(This post is my opinion only and in no way constitutes the views of my employer or clients. It’s also written with an assumption the goal of a healthcare system is to provide quality care at the lowest price possible without disincentivizing providers. If you don’t start there, the rest doesn’t matter.)
Price elasticity of demand
Let’s go back to Economics 101. One of the foundational concepts of that class is price elasticity of demand. The purpose of this metric is to measure how much demand changes for a product based on a corresponding change in its price. If a change in price causes a large change in demand, the good or service is said to be “price elastic.” If there is little change the good or service is “price inelastic.”
Great, you’re thinking. How does this relate to healthcare?
Let’s apply that concept. A person is buying toothpaste. The local drugstore has brand-name toothpaste for $3, then one day for no reason, they decide to rise the price to $30! Some people might still buy it, a number might opt for a cheaper store brand, and some will simply forgo brushing their teeth altogether.
Now that same person is driving home from the store and suddenly starts experiencing chest pains. He drives to the local emergency room. He isn’t given a price for the care he is about to receive, nor would he likely care. A reasonable person under normal circumstances will pay whatever it takes to save their life.
Economics is all about power and incentives. Who has the power is these two scenarios? In the toothpaste scenario, the customer has most of the power. He has two good options besides buying the expensive store brand. He can look for a less expensive option or opt-out of personal hygiene completely with very little lost (except maybe some friends). In the second scenario, the local hospital is holding all the cards.
This last year, there have been numerous articles explaining the fantasy world that is hospital pricing. This one is probably the best. But, do you really want to know why providers charges so much? It’s really simple. Because they can.
That’s it. Hospitals are expensive because they sell an inelastic service, and there’s very little incentive to behave otherwise. In fact, if there are complications after surgery and patients return, they actually make more money instead of less. The inflated gross charge and related contractual write-off on the EOB you get the mail is a carefully negotiated figure based on the balance of power between payor and provider.
For all the Affordable Care Acts flaws and the terrible rollout of the federal exchange, it actually does a few interesting things to address these issues.
Insurance exchanges and the individual mandate
The federal and state exchanges are designed to assist citizens in enrolling in some sort of insurance plan. The idea behind health insurance is not only to address risk, but also consolidate pricing power on behalf of patients. An entity representing thousands of patients has much greater power than any single person.
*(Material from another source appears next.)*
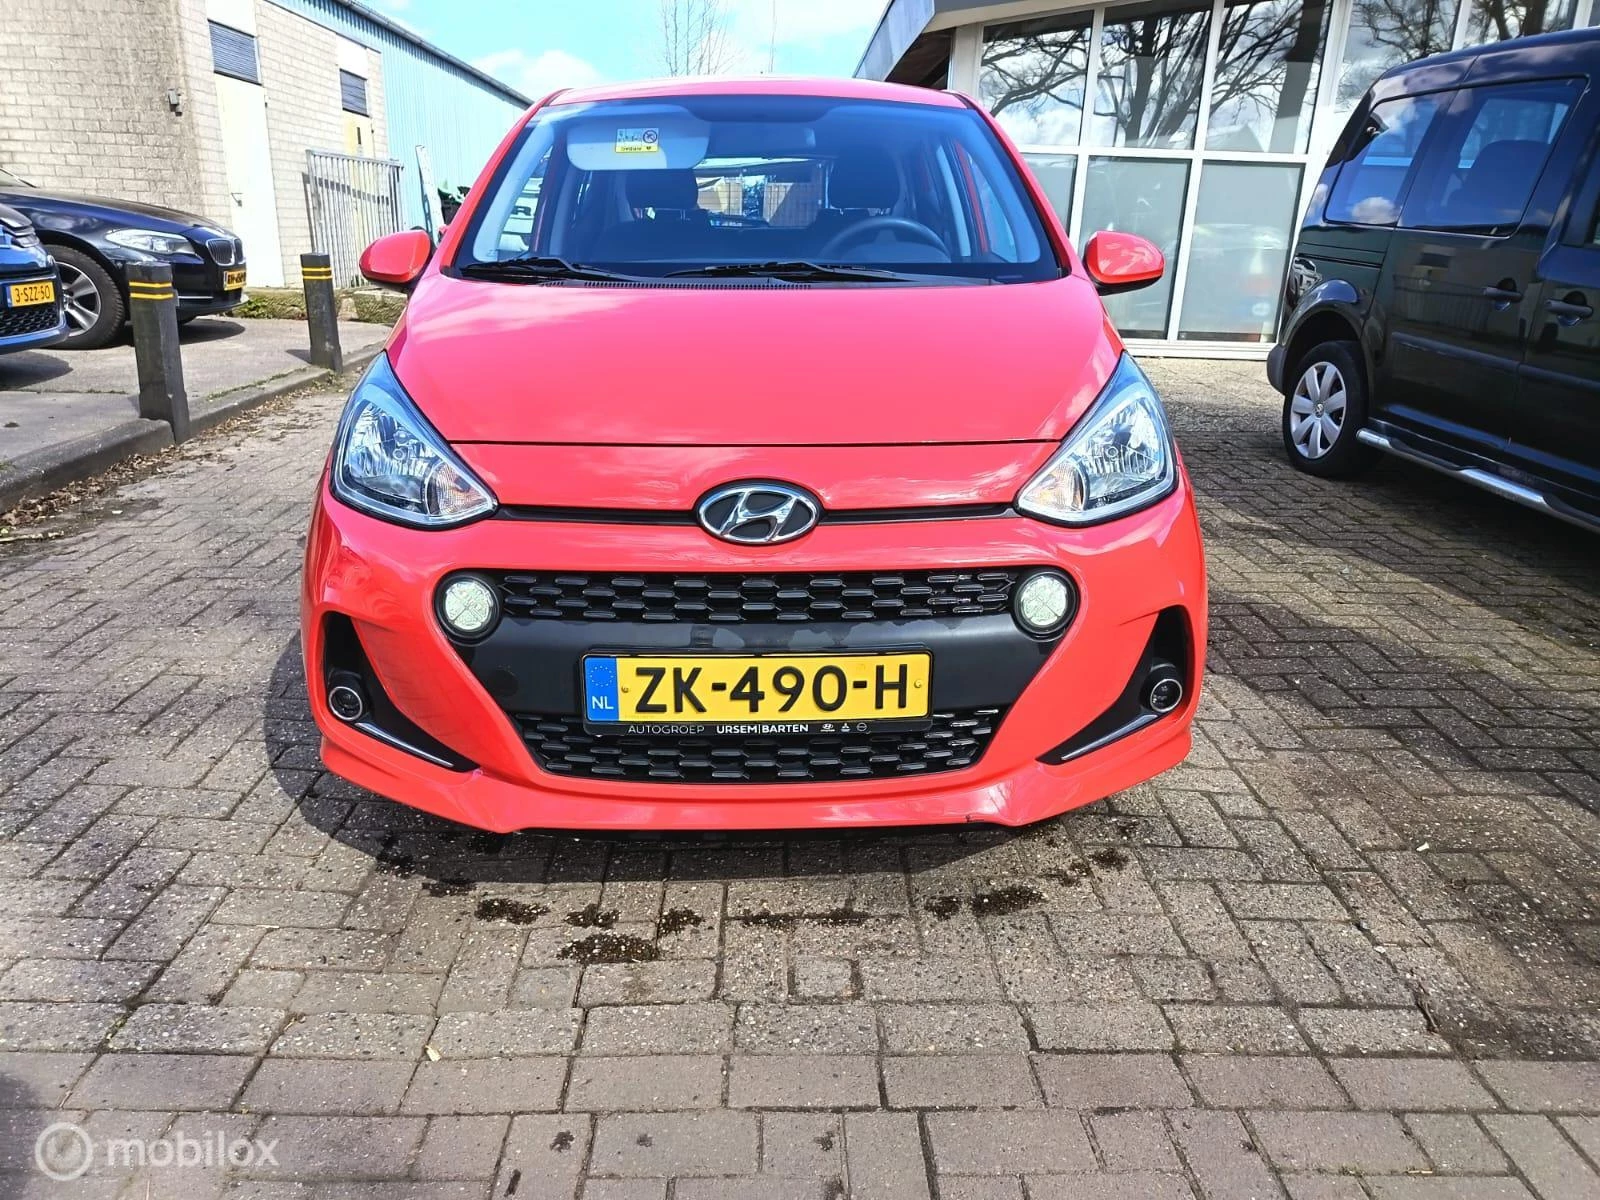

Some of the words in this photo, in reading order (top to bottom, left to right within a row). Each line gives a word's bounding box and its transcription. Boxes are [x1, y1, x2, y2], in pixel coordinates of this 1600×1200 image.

[635, 664, 908, 713] ZK-490-H
[592, 696, 614, 710] NL
[628, 725, 705, 734] AUTOGROEP
It’s in the government’s interest that all citizens participate in some sort of insurance program. However, insurance companies, rightly, want the ability to control who can and cannot enroll in their plans. The only way any insurance company would give up that right is for the government to enact a corresponding disincentive for healthy people to delay enrollment until they’re sick. That’s where the individual mandate came from. It’s a trade-off. The insurance companies gave up the right to deny coverage, but gained a tax that incentivizes citizens to buy their product.
There’s been a lot of talk about this one and we’ll see how it plays out. The bottom line is more people are participating in consolidated risk pools means less pricing power for providers at the negotiating table. This serves to lower costs.
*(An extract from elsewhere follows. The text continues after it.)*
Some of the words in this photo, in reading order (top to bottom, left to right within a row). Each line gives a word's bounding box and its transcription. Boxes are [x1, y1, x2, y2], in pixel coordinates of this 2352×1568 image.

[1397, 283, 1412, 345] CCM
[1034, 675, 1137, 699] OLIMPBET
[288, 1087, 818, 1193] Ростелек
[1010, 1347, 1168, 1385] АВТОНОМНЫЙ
CMS’s new program to test the bundling of payments is probably one of the most under-reported but interesting parts of the ACA. Under the current system, almost every provider in the US bills per procedure. This creates backwards incentives where hospitals can actually make more money when surgeries go bad.
Bundled payments are an attempt to incentivize quality and efficiency rather than the opposite. By enrolling, the provider opts to receive a lump payment that covers an entire case rather than billing the individual components. If things go well, the provider could actually make more money. However, if there is poor quality of care, subsequent readmissions would eat straight into profits. This is where the uncomfortable conversations start between doctors and administrators that can lead to change.
If you are still reading this, you have my pity. I almost put myself to sleep writing it. The details of this law are arcane, and frankly no one really knows if it’s going to work. There are too many variables in play .
However, there are some concepts in the law that in my estimation are worth an experiment. We’ll just have to wait and see.